Eheschließungsfreiheit besteht jedoch nur dann, wenn es sich um eine autonome, selbstbestimmte Entscheidung handelt und die Ehe nicht beispielsweise auf Druck der Eltern eines Ehepartners oder beider Ehepartner zustande gekommen ist. Bei Minderjährigen bestehen aufgrund ihrer Entwicklung berechtigte Zweifel an dieser Autonomie. Daher hat der Deutsche Bundestag 2017 beschlossen, dass in Deutschland eine Ehe unwirksam ist, wenn eine der beiden Parteien bei der Eheschließung noch keine 16 Jahre alt war, und zwar auch dann, wenn die Ehe im Ausland nach dort geltendem Recht wirksam geschlossen worden sein sollte.
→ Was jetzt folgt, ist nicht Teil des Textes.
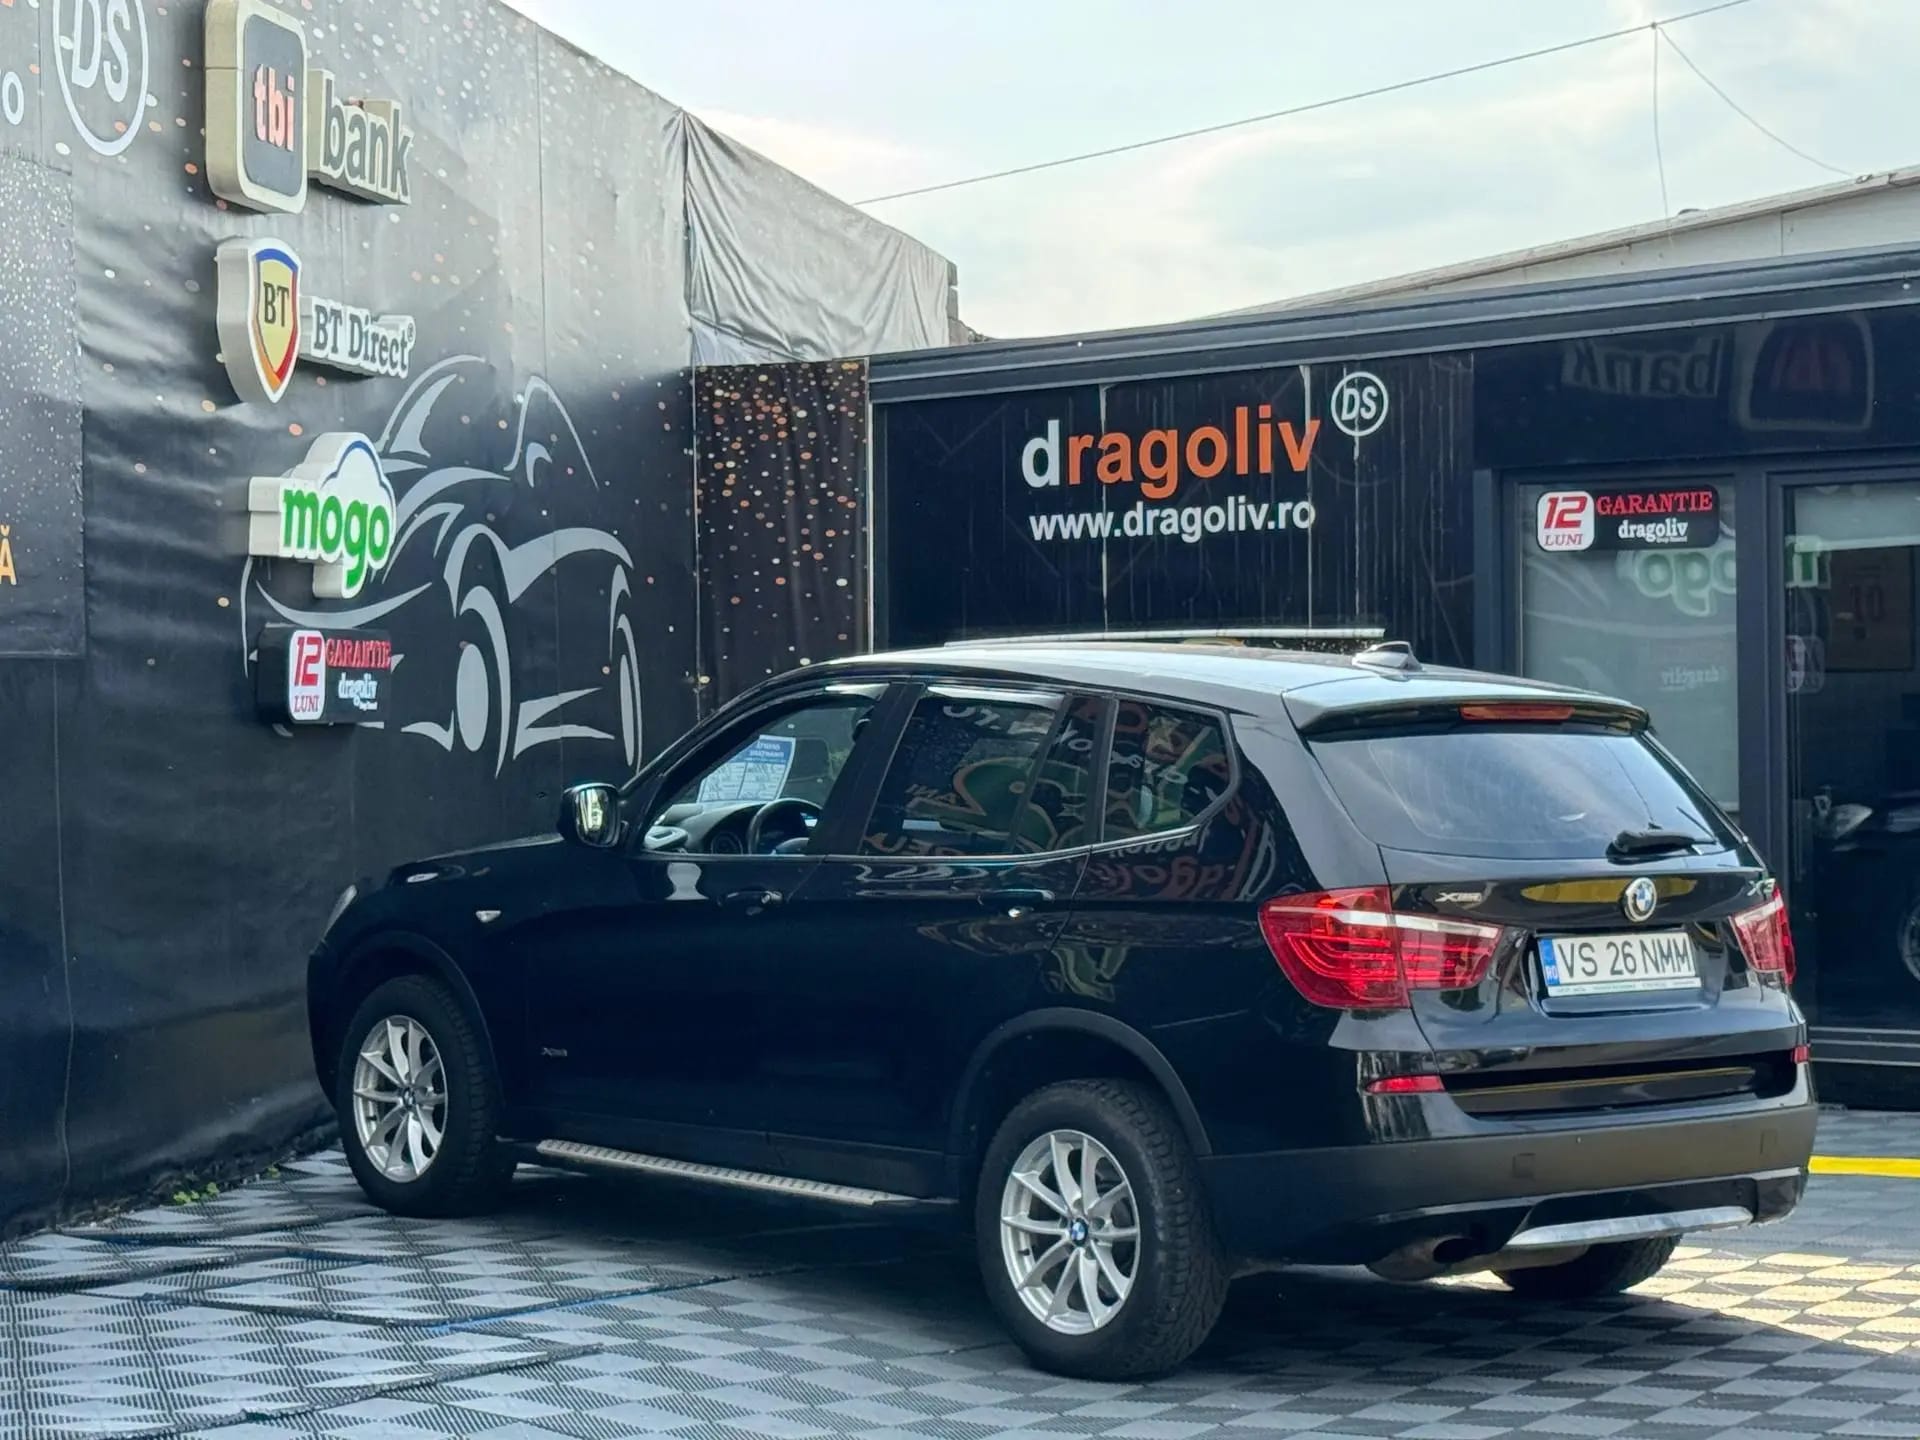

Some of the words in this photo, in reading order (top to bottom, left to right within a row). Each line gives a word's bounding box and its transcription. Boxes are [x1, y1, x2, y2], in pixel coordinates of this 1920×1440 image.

[254, 63, 294, 152] tbi
[324, 78, 411, 197] bank
[263, 282, 290, 327] BT
[314, 305, 342, 360] BT
[1340, 385, 1378, 422] DS
[1021, 404, 1320, 499] dragoliv
[1029, 495, 1316, 543] www.dragoliv.ro
[1544, 495, 1588, 529] 12
[1596, 491, 1713, 516] GARANTIE
[283, 489, 390, 589] mogo
[1545, 533, 1583, 547] LUNI
[1618, 518, 1688, 543] dragoliv
[294, 636, 323, 687] 12
[294, 695, 320, 713] LUNI
[1558, 942, 1598, 978] VS
[1606, 940, 1637, 975] 26
[1640, 937, 1692, 974] NMM
In einem Rechtsstreit – der ist angesprochen worden – um die Rechtswirkung einer in Syrien geschlossenen Ehe, in der ein Ehepartner minderjährig war, hegte der Bundesgerichtshof jedoch Zweifel an der Verfassungsmäßigkeit dieser von uns getroffenen Regelung und legte die Sache zur Entscheidung dem Bundesverfassungsgericht vor. Im Februar 2023 erklärte dieses, dass die Rechtsgrundlage der Eheunwirksamkeit in Artikel 13 EGBGB unvereinbar sei mit Artikel 6 des Grundgesetzes. Es betonte jedoch ausdrücklich, dass es dem Gesetzgeber freistehe, die Unwirksamkeit solcher Ehen kraft Gesetzes festzustellen – da muss man die Entscheidung schon genau lesen –, insbesondere wegen des in aller Regel bestehenden Machtgefälles zwischen volljährigem und kindlichem Ehepartner, das auch dann gelten würde, wenn man Letzterem die Bürde auferlegen würde, sich an einem anschließenden Eheaufhebungsverfahren im Einzelfallprüfungsverfahren beteiligen zu müssen.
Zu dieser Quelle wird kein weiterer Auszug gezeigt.